Ayatullah Mustafa Khomeini, putra Imam Khomeini yang terbunuh di Najaf beberapa tahun silam, dalam kitab tafsir karyanya melontarkan sebuah pendapat unik dan penafsiran langka tentang anatomi kata “Allah” sesuai dengan dasar ilmu filologi yang dicetuskan pakar linguistik Amerika Chomsky, meski sangat mungkin Ayatullah Mustafa Khomeini tak membaca karya pemikir Yahudi anti-Zionisme itu.
Menurut beliau, kata “Allah” (الله) yang diawali dengan alif dan lam (ال) menunjukkan tanda ta’rif atau kata ma’rifah atau tertentu (seperti “the” dalam bahasa Inggris) yang dapat diindonesiakan sebagai “Tuhan itu” sebagai lawan kata “ilah” (اله) kata nakirah yang dapat diindonesiakan sebagai “sebuah tuhan”.

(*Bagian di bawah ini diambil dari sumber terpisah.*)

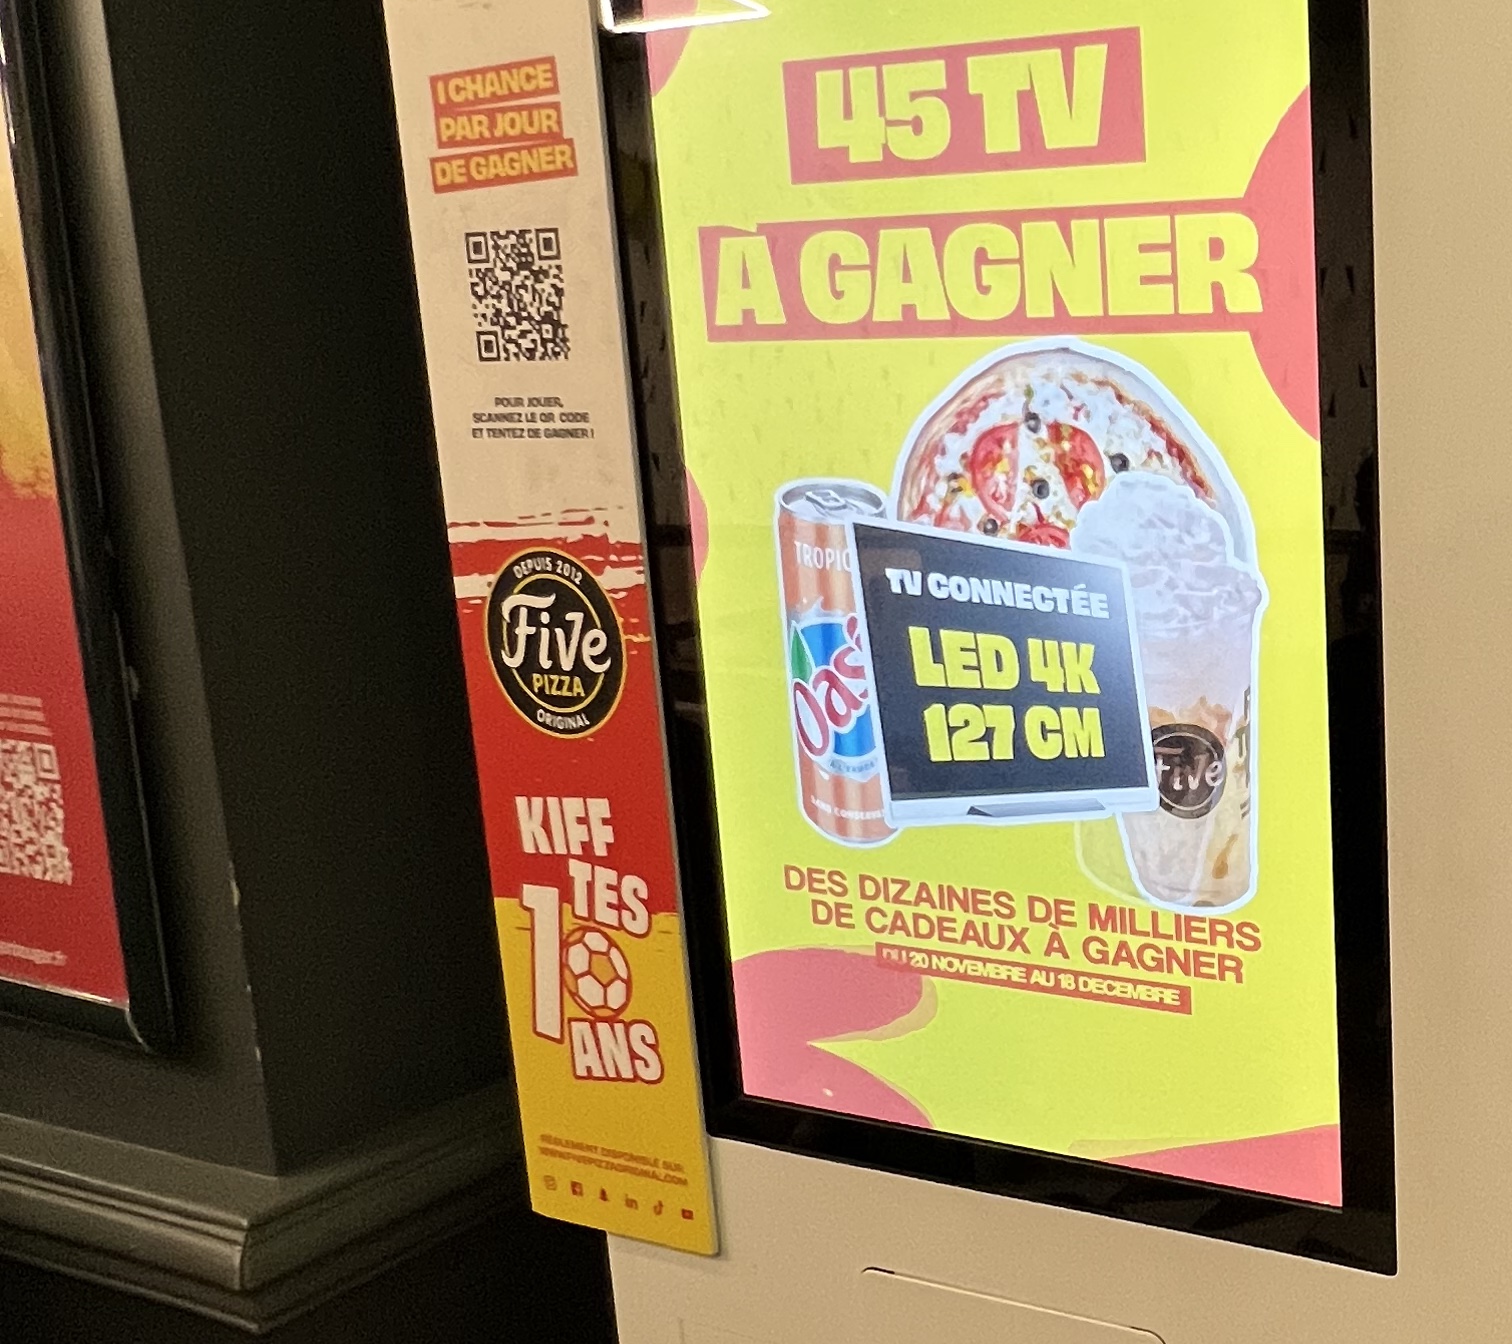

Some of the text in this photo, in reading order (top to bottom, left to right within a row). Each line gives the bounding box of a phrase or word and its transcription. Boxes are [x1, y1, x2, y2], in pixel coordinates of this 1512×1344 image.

[448, 64, 554, 103] CHANCE
[816, 43, 1109, 164] 45 TV
[439, 108, 560, 143] PAR JOUR
[434, 144, 576, 187] DE GAGNER
[800, 212, 1264, 325] GAGNER
[472, 412, 590, 424] SCANNEZ LE QR CODE
[494, 396, 525, 408] POUR
[472, 427, 485, 439] ET
[486, 427, 525, 439] TENTEZ
[527, 427, 542, 439] DE
[544, 427, 588, 439] GAGNER
[513, 557, 584, 586] DEPUIS 2012
[884, 567, 1110, 620] TV CONNECTÉE
[500, 592, 612, 674] Five
[532, 673, 586, 698] PIZZA
[908, 625, 1101, 695] LED 4K
[535, 708, 591, 730] ORIGINAL
[923, 702, 1106, 764] 127 CM
[514, 794, 616, 857] KIFF
[567, 858, 650, 937] TES
[783, 864, 1263, 953] DES DIZAINES DE MILLIERS
[810, 898, 1245, 985] DE CADEAUX À GAGNER
[931, 955, 1027, 984] NOVEMBRE
[1030, 968, 1055, 988] AU
[1058, 972, 1076, 990] 18
[571, 1020, 663, 1082] ANS
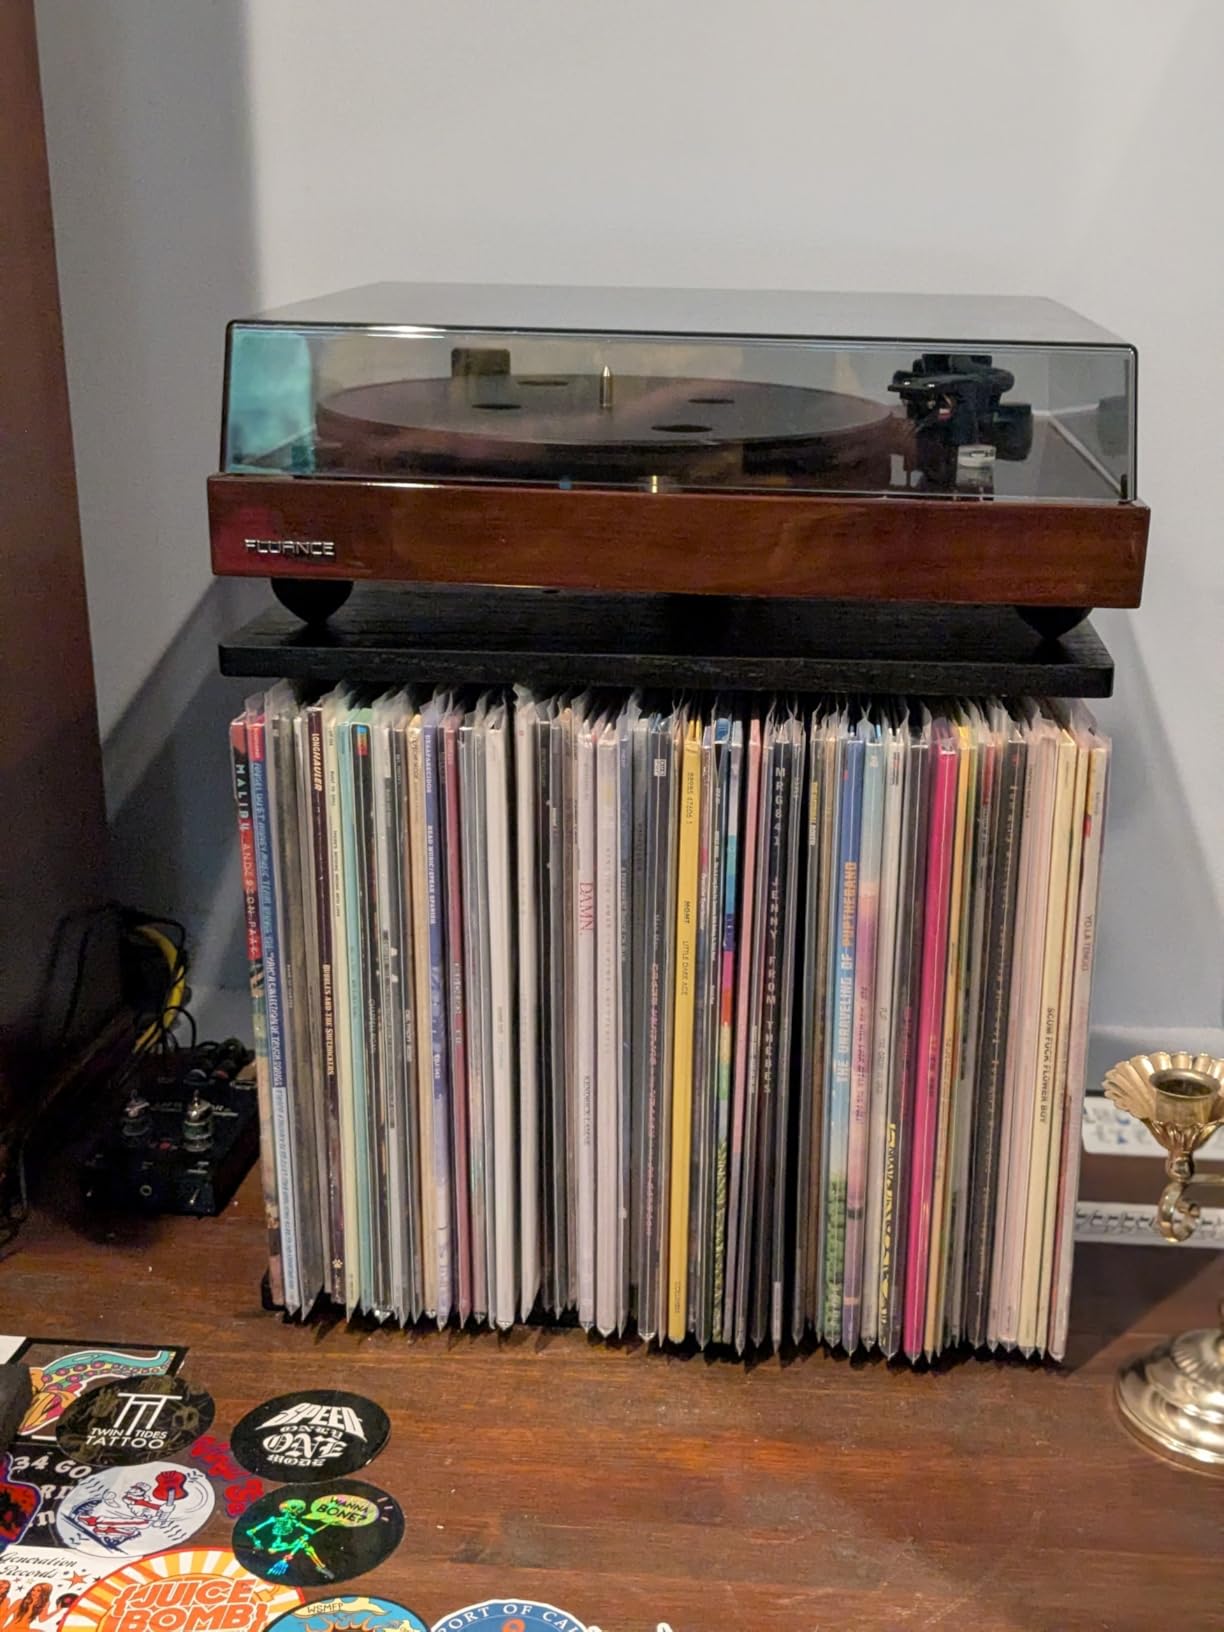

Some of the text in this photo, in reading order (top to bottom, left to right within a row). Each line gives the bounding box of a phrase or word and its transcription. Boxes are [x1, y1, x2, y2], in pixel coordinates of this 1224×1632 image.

Menurutnya, salah satu bukti bahwa “Allah” bukan kata serapan dari “Elohim” dan “Yahwe” adalah ayat 97 dalam surah Thaha
“وَانظُرْ إِلَى إِلَهِكَ الَّذِي ظَلْتَ عَلَيْهِ عَاكِفًا لَّنُحَرِّقَنَّهُ ثُمَّ لَنَنسِفَنَّهُ فِي الْيَمِّ نَسْفًا”.
“…dan lihatlah tuhanmu itu yang kamu tetap menyembahnya. Sesungguhnya Kami akan membakarnya, kemudian Kami sungguh-sungguh akan menghamburkannya ke dalam laut (berupa abu yang berserakan).”
Mustafa menyimpulkan bahwa penggabungan “ilah” (tuhan) dengan kata ganti “ka” (mu) dalam teks ayat di atas mengonfirmasi arabitas kata “Allah”.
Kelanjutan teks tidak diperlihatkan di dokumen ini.